On Motion to Reargue
Present: Holden, C. J., Shangraw, Barney, Smith and Keyser, JJ.
Barney, J.
The defendant Feuerlicht moved for permission to reargue. Meanwhile, the plaintiff brought to the attention of this Court the death of the defendant Bender, which occurred after argument and shortly before the filing of the opinion. The plaintiff moved for revivor of the cause and the rendering of judgment nunc pro tunc, so that the intervening death of a defendant would not affect the conclusiveness of the adjudication. To insure notice, and to afford the executor of Bender’s estate an opportunity to participate, if he chose, in the matters still before this Court, a show cause order was issued, and duly served on him outside the state.
 It must be kept in mind, as was pointed out in the main opinion, that the jurisdiction of this Court in proceedings under 12 V.S.A. §2386 is limited to the questions certified, with authority to render final judgment if the answers to the questions dispose of the litigation. We cannot step outside the certification to consider new or different questions; we are constrained by the statute. Whatever *317essentials of the litigation are not carried up. to this Court by operation of the .certification, must remain in the court of origin. See Anderson v. Vermont Electric Power Co., 122 Vt. 43, 46, 164 A.2d 156.

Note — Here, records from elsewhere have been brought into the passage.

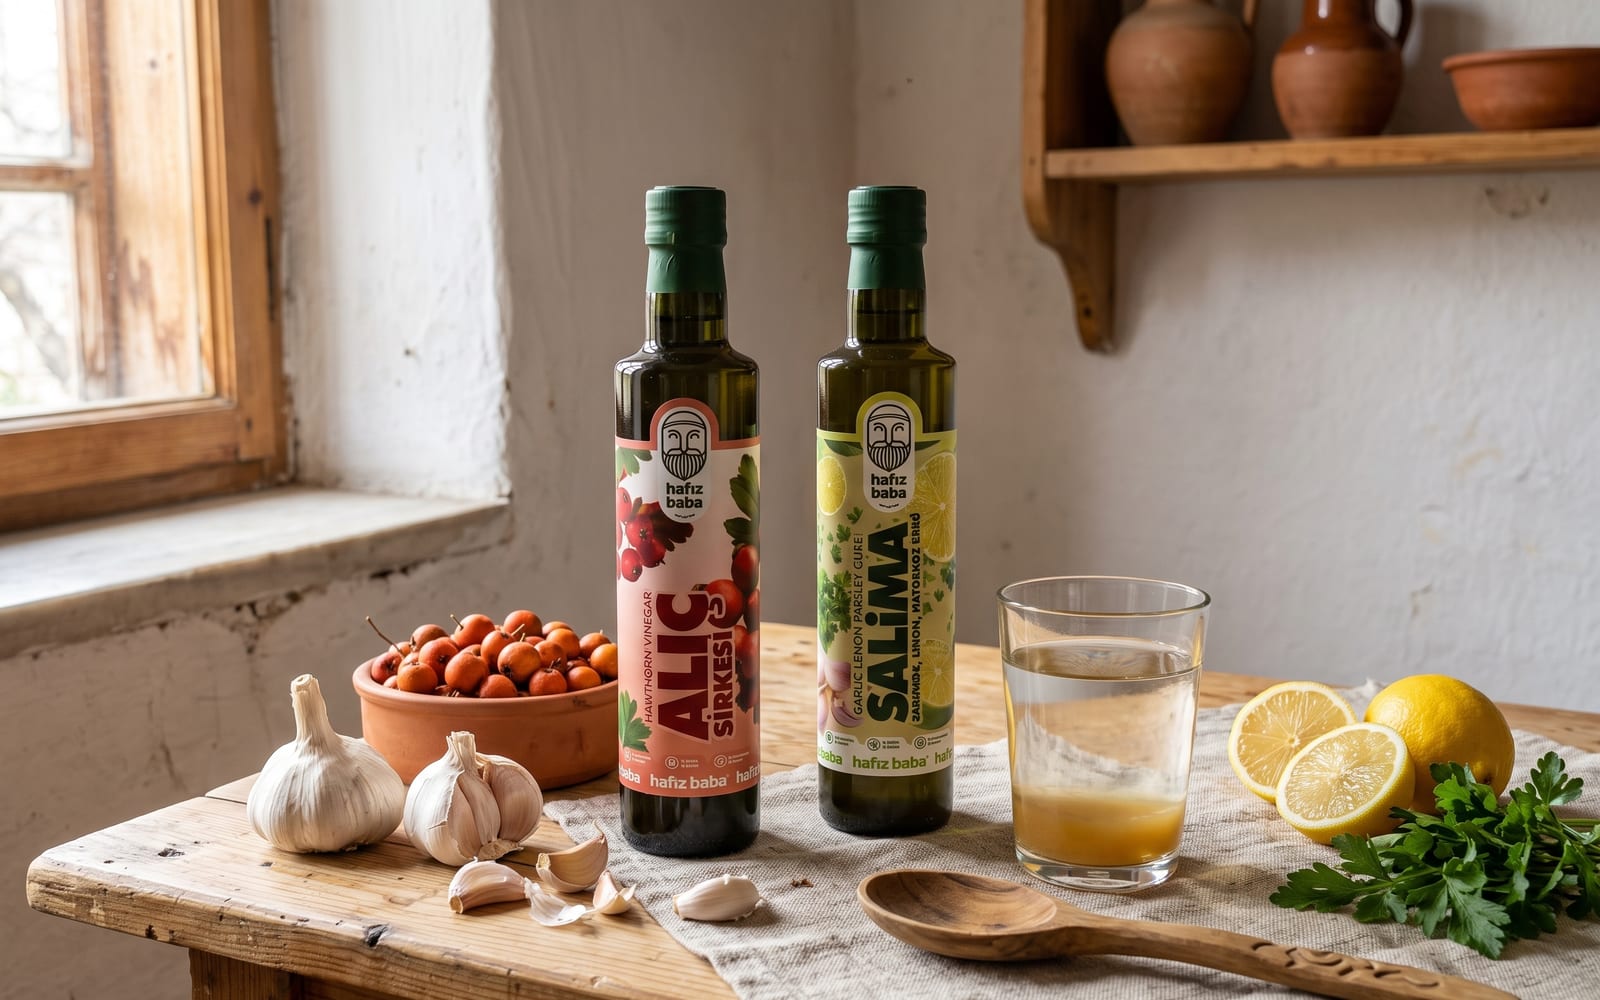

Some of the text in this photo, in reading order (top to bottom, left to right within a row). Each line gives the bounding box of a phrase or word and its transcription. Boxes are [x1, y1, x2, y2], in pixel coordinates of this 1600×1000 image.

[871, 487, 907, 499] baba
[666, 496, 703, 509] baba
[853, 573, 863, 623] PARSLEY
[643, 591, 653, 723] HAWTHORN VINEGAR
[853, 673, 863, 715] GARLIC
[892, 756, 927, 770] baba
[690, 775, 727, 790] baba

This limitation has significant consequences in connection with questions sought to be raised in this Court now. In the first place, the show cause order here is limited in effect to the matters presently before this Court on this certification. It does not, in any way, introduce the Bender executor as a party to the main cause. That is a matter to be appropriately raised and disposed of in the lower court.
Likewise, with respect to the plaintiff’s contention that the subsequent actions of the defendant Feuerlicht have converted her special appearance to a general one, this is a question not certified to us, and ■therefore beyond our present reach.
Again, since the result here is not in the nature of a judgment, but consists merely of responses to certified questions with the main cause remaining below, the doctrines of revivor and judgment nunc pro tunc are inapplicable. Substitution of parties is an issue to be raised before the court having supervision of the litigation. Other than the two questions certified here, this cause is still pending below, in contrast to the situation in Noyes v. Pierce, 97 Vt. 188, 196, 122 Atl. 896.
■ The motion for reargument advances no arguments not fully considered when the appeal was heard, and calls to our attention no material question overlooked or misapprehended in arriving at the result announced.

The plaintiff's motions for revivor and for judgment nunc pro tunc are denied.

The defendant Feuerlicht’s motion for reargument is denied; let full entry go down.